▼▼▼

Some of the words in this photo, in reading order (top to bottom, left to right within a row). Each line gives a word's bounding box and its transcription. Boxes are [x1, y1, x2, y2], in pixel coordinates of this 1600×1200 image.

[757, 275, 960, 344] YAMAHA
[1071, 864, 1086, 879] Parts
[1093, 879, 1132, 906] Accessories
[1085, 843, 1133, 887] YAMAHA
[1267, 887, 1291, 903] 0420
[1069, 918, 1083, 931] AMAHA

▲▲▲

> Task instructions
Copy the whole listing down exactly.

> Response
Some of the words in this photo, in reading order (top to bottom, left to right within a row). Each line gives a word's bounding box and its transcription. Boxes are [x1, y1, x2, y2], in pixel coordinates of this 1600×1200 image.

[757, 275, 960, 344] YAMAHA
[1071, 864, 1086, 879] Parts
[1093, 879, 1132, 906] Accessories
[1085, 843, 1133, 887] YAMAHA
[1267, 887, 1291, 903] 0420
[1069, 918, 1083, 931] AMAHA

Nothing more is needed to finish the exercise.